• DIRECTIONS:
Scan the entries below and return each line that contains "VACDIRECT".

[SUPPLIED DATA Boundary: Start]

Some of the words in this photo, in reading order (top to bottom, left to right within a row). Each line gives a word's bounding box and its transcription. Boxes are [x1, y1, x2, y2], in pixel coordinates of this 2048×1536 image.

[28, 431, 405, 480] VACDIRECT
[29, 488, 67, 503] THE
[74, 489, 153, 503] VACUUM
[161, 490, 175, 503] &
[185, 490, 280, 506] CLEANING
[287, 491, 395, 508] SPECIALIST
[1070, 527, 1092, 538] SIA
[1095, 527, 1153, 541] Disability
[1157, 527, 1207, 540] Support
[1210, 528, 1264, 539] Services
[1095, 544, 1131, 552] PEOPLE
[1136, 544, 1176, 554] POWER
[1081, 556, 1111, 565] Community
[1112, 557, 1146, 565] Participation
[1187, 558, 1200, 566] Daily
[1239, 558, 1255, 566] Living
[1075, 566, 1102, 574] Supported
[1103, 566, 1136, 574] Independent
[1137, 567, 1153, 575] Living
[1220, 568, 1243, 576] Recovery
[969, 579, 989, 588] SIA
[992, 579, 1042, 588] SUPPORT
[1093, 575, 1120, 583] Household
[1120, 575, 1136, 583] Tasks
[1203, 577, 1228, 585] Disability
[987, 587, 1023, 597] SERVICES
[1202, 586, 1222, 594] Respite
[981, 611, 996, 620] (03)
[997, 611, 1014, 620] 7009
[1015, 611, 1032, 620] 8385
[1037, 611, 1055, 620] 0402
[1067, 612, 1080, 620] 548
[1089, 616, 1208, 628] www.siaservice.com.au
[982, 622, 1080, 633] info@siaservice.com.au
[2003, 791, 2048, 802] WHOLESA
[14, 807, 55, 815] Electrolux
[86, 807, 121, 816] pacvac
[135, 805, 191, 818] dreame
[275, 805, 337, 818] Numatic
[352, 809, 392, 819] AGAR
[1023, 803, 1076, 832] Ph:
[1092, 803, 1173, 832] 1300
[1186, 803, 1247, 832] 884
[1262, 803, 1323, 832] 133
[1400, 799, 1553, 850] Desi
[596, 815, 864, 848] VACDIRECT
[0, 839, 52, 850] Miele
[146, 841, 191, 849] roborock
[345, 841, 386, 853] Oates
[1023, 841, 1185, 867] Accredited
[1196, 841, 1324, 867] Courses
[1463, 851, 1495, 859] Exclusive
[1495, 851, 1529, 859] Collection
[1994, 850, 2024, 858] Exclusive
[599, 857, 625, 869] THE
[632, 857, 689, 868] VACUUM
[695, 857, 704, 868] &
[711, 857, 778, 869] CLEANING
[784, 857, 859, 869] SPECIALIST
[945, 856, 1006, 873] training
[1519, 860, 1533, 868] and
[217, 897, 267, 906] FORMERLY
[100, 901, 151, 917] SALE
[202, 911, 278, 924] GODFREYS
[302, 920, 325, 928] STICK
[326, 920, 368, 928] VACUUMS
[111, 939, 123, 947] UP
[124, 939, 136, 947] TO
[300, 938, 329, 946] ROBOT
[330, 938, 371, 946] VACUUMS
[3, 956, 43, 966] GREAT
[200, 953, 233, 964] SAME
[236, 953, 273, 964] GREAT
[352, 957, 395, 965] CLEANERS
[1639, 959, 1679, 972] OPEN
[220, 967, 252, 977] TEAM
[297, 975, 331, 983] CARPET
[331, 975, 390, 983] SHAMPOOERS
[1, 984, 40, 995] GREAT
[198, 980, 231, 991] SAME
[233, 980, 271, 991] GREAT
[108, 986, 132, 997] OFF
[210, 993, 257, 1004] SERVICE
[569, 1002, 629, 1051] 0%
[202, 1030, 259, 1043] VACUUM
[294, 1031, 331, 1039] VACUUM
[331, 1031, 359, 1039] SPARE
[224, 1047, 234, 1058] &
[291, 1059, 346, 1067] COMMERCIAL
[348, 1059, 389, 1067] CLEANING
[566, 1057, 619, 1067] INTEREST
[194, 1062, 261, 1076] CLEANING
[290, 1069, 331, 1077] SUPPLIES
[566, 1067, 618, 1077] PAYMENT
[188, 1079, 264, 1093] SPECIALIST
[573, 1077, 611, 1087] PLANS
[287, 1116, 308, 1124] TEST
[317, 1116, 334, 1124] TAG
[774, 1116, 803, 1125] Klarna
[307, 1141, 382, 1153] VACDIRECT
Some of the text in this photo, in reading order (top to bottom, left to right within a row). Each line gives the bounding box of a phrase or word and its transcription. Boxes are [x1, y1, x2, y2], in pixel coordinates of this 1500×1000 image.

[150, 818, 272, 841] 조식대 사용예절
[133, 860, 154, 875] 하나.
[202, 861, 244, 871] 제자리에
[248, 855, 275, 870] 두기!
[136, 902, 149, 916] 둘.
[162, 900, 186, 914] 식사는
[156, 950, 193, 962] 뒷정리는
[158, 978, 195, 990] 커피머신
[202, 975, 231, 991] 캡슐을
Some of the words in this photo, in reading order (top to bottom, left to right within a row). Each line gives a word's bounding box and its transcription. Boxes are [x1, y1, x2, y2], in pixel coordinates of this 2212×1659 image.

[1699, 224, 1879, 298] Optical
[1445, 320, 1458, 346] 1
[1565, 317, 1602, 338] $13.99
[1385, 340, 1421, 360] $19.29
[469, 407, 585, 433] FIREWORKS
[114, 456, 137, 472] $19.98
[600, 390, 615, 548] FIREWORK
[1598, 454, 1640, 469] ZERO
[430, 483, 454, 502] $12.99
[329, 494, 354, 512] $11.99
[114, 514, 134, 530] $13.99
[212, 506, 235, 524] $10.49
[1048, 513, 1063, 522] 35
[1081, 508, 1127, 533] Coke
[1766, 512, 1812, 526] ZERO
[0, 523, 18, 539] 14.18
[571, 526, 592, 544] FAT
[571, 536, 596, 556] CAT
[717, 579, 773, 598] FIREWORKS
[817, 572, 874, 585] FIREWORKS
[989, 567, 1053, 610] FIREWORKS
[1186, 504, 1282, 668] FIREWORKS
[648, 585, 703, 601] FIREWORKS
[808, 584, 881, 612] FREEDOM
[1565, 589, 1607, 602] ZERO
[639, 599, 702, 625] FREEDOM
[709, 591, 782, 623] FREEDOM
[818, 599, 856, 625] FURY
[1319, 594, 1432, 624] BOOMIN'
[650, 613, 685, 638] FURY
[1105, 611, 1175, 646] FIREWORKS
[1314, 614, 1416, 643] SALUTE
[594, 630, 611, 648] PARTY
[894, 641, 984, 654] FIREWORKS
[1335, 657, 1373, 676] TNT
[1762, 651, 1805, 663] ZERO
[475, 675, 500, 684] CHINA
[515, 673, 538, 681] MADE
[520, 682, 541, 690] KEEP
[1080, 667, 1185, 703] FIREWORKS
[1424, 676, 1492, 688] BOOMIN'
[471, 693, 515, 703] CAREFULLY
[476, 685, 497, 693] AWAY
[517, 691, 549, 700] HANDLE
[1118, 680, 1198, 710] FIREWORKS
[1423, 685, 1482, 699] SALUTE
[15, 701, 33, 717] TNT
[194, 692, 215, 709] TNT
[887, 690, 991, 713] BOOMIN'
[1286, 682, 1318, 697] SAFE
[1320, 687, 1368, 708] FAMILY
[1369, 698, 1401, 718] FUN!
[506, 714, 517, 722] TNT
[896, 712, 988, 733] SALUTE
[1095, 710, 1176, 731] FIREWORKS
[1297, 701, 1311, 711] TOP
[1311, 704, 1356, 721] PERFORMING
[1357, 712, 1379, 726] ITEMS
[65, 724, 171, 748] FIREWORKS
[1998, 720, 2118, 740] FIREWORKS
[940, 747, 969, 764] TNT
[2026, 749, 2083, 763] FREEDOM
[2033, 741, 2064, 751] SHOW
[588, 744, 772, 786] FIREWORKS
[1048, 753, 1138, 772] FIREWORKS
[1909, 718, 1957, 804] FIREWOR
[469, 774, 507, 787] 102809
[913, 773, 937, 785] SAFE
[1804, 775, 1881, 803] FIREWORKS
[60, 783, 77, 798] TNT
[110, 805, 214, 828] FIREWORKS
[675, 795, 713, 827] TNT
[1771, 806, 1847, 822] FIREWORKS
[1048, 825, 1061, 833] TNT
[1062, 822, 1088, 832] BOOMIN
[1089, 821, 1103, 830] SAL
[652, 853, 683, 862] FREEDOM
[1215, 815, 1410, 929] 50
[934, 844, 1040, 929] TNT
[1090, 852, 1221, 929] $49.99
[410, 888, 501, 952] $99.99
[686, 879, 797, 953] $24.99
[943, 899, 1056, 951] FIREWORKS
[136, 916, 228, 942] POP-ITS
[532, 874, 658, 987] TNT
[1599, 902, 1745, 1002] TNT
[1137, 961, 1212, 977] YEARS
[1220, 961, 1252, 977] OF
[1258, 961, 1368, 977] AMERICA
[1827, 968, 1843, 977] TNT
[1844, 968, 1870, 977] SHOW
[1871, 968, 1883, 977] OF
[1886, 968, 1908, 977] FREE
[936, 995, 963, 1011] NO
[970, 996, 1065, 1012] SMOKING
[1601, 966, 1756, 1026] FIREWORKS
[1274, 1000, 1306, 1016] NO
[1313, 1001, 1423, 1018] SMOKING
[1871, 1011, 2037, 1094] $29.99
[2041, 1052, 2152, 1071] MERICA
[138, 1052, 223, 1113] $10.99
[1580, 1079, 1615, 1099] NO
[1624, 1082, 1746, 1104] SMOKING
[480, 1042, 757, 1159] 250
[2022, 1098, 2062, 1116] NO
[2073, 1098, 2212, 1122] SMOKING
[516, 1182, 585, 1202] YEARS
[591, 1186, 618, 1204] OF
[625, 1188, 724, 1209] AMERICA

[SUPPLIED DATA Boundary: End]

• EXERCISE RESULT:
[28, 431, 405, 480] VACDIRECT
[596, 815, 864, 848] VACDIRECT
[307, 1141, 382, 1153] VACDIRECT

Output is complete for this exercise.